Five months into the plausible genocide and ongoing displacement of Palestinians and the bombing of schools and hospitals in the Palestinian territory, a petition to KTH to cut ties with Israeli institutions that facilitate these atrocities is often met with silence, a change of topic or controversy. Has advocating for human rights and equality become taboo in institutions meant to uphold these democratic values?

Throughout our education at KTH, sustainability and ethics have been central. Yet, when confronted with the unfolding genocide in Palestine, our university hesitates to question its role in these horrific crimes against humanity. But with 1.4 million forcibly displaced Palestinians facing daily bombardments in Rafah, the one place they had been told was safe by Israel, we don't have the privilege to look the other way any longer.

KTH is, through its agreements with complicit Israeli Universities, legitimising these institutions and their well-documented role in Israeli violations of international law and human rights.

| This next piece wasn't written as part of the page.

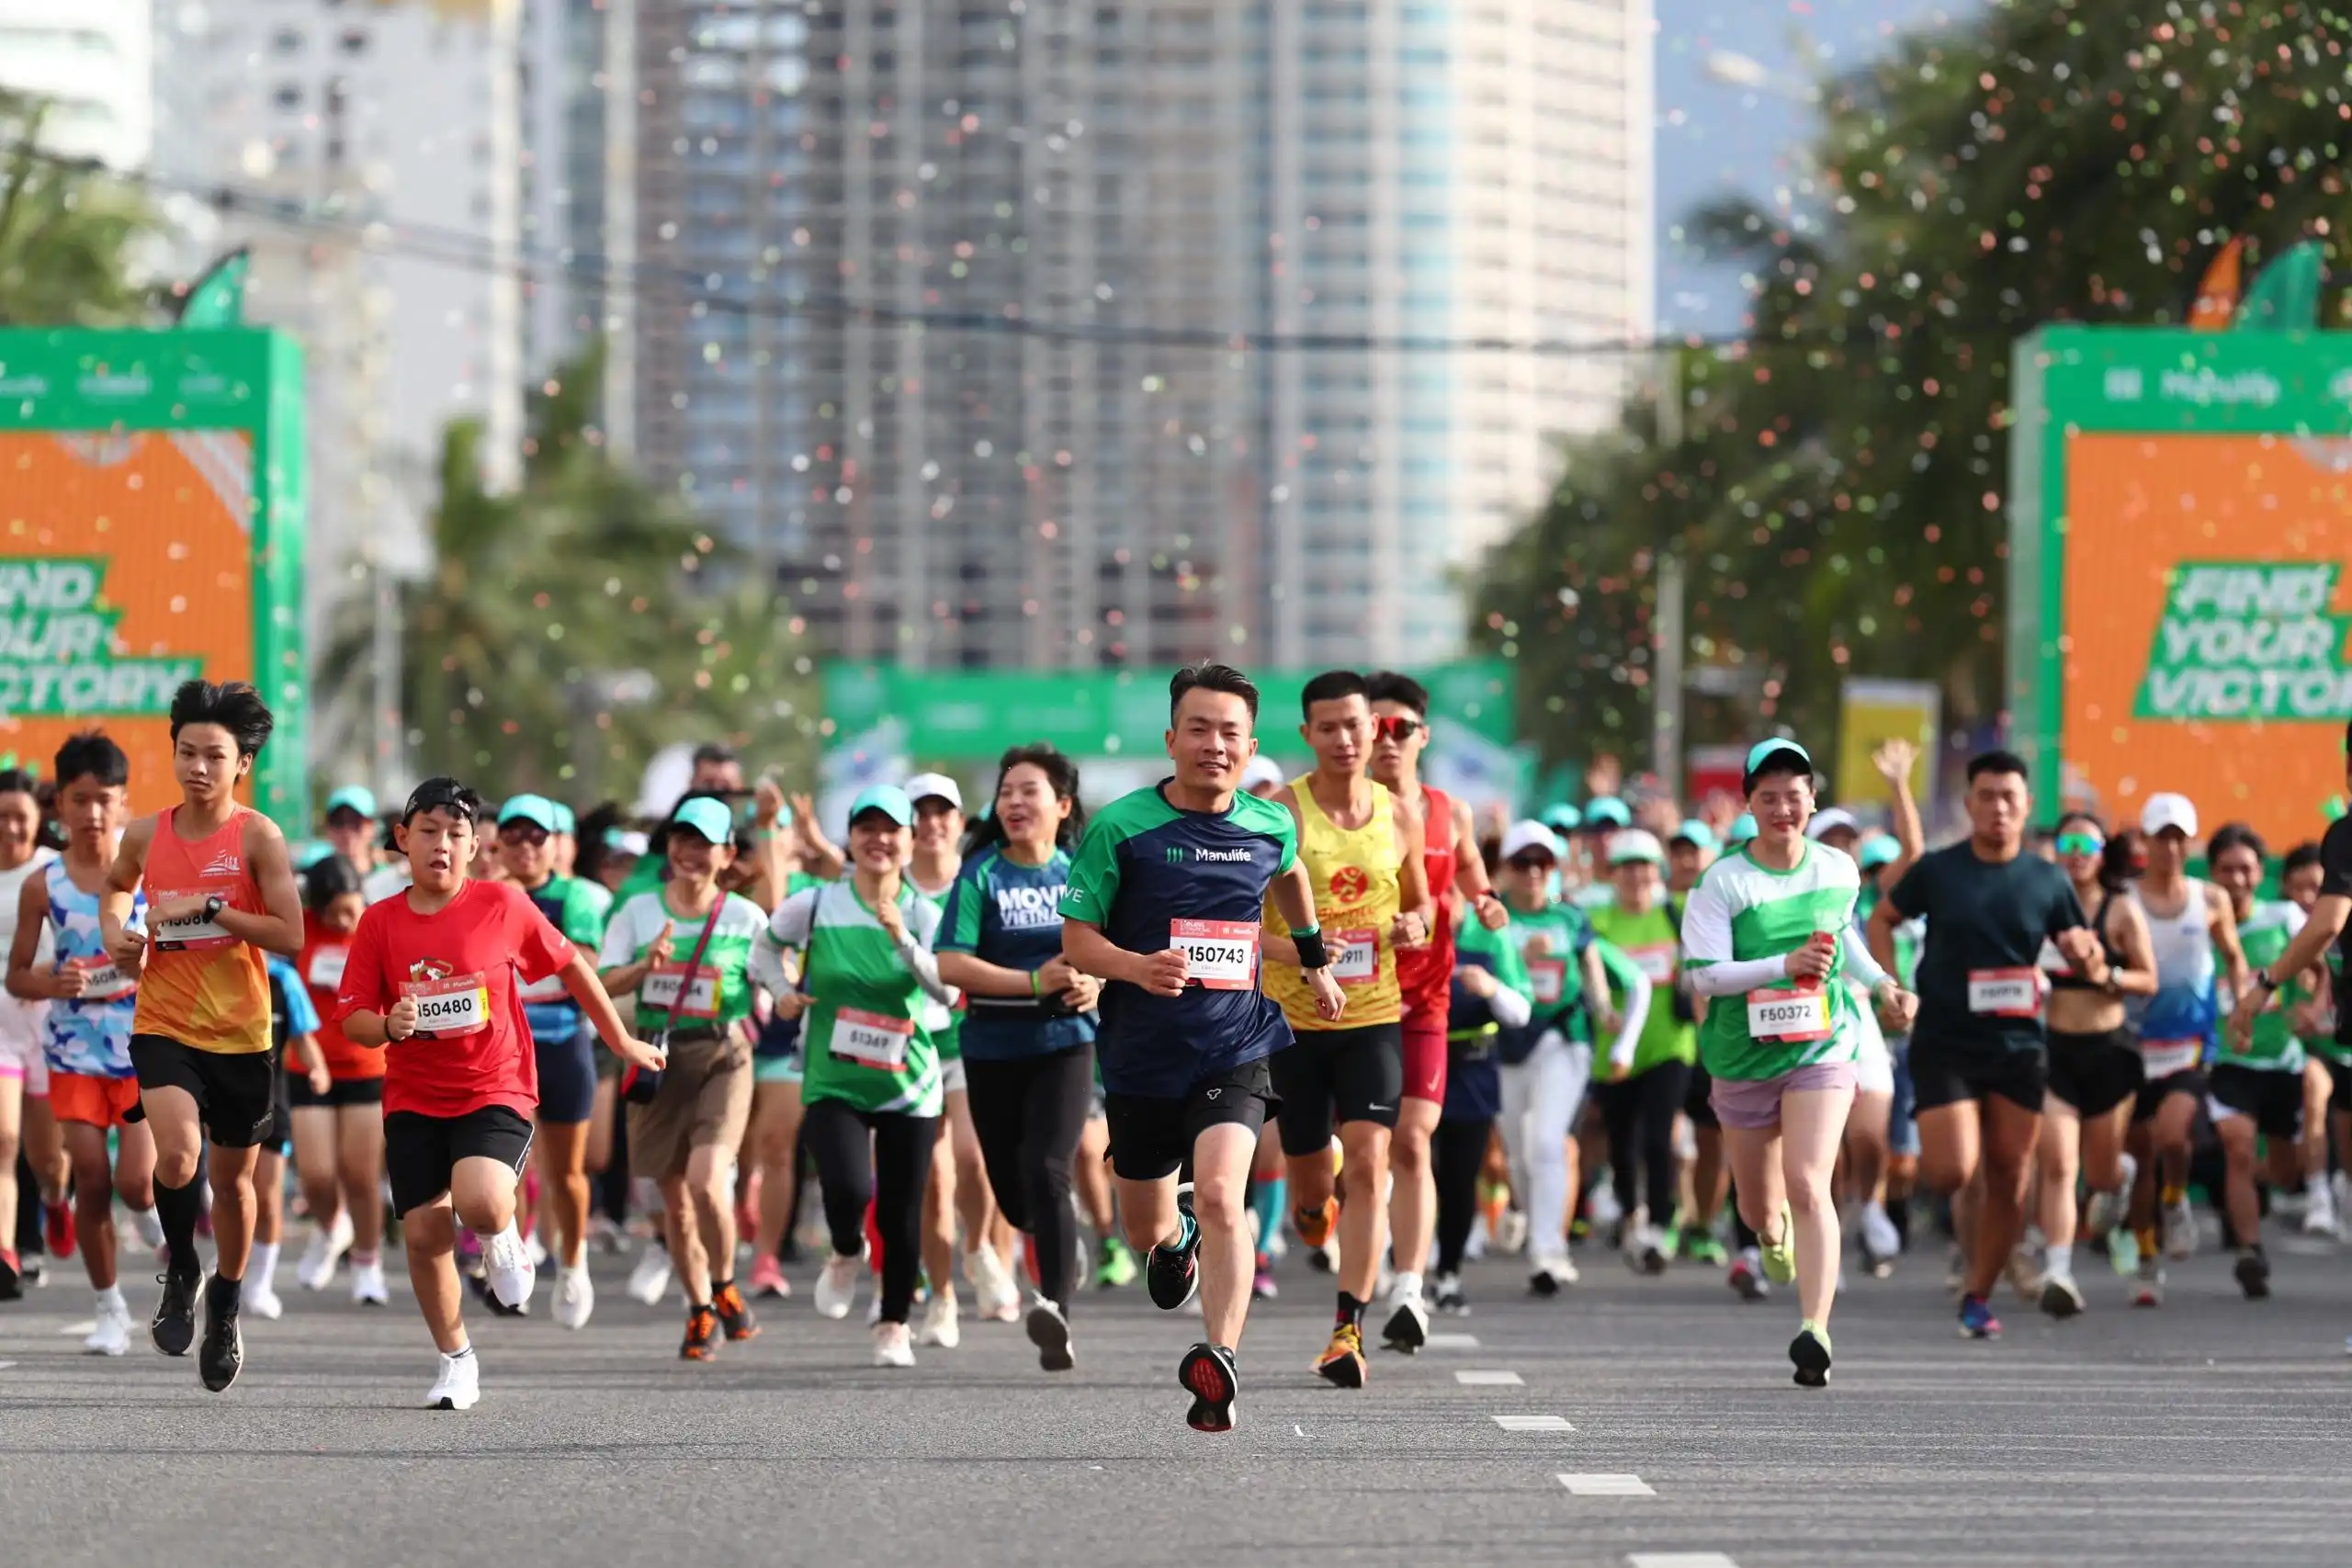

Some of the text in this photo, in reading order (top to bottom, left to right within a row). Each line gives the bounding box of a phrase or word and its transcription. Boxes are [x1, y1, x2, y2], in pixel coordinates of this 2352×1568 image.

[2175, 566, 2328, 614] FIND
[2165, 616, 2335, 663] YOUR
[1195, 848, 1251, 862] Manulife
[1759, 1004, 1811, 1023] F50372

This is why KTH for Palestine, in a petition supported by hundreds of KTH employees and students, calls on KTH to end this complicity by severing all ties with Israeli universities and companies connected to the Israeli violation of international law. We urge KTH to condemn the violence against Palestinians publicly and to advocate for a ceasefire, the provision of humanitarian aid and the protection of Palestinians.

KTH collaborates with at least two universities that directly contribute to the colonisation, settler programmes and illegal military occupations in Palestine, the apartheid regime, and the genocide against Palestinians.

Hebrew University of Jerusalem

One such institution is the Hebrew University of Jerusalem (HUJ), with which we've signed an active Memorandum of Understanding (MoU). HUJ‘s campus is a critical component of Israel's illegal settlement efforts in East Jerusalem. In 1967, after Israel occupied the West Bank, the Israeli Government seized land around the university, expanding beyond the agreed demilitarised zone and incorporating private Palestinian land. Today, significant parts of HUJ are situated in occupied Palestinian territory and function as settlements, and books plundered from Palestinian homes form a core part of the university’s collection.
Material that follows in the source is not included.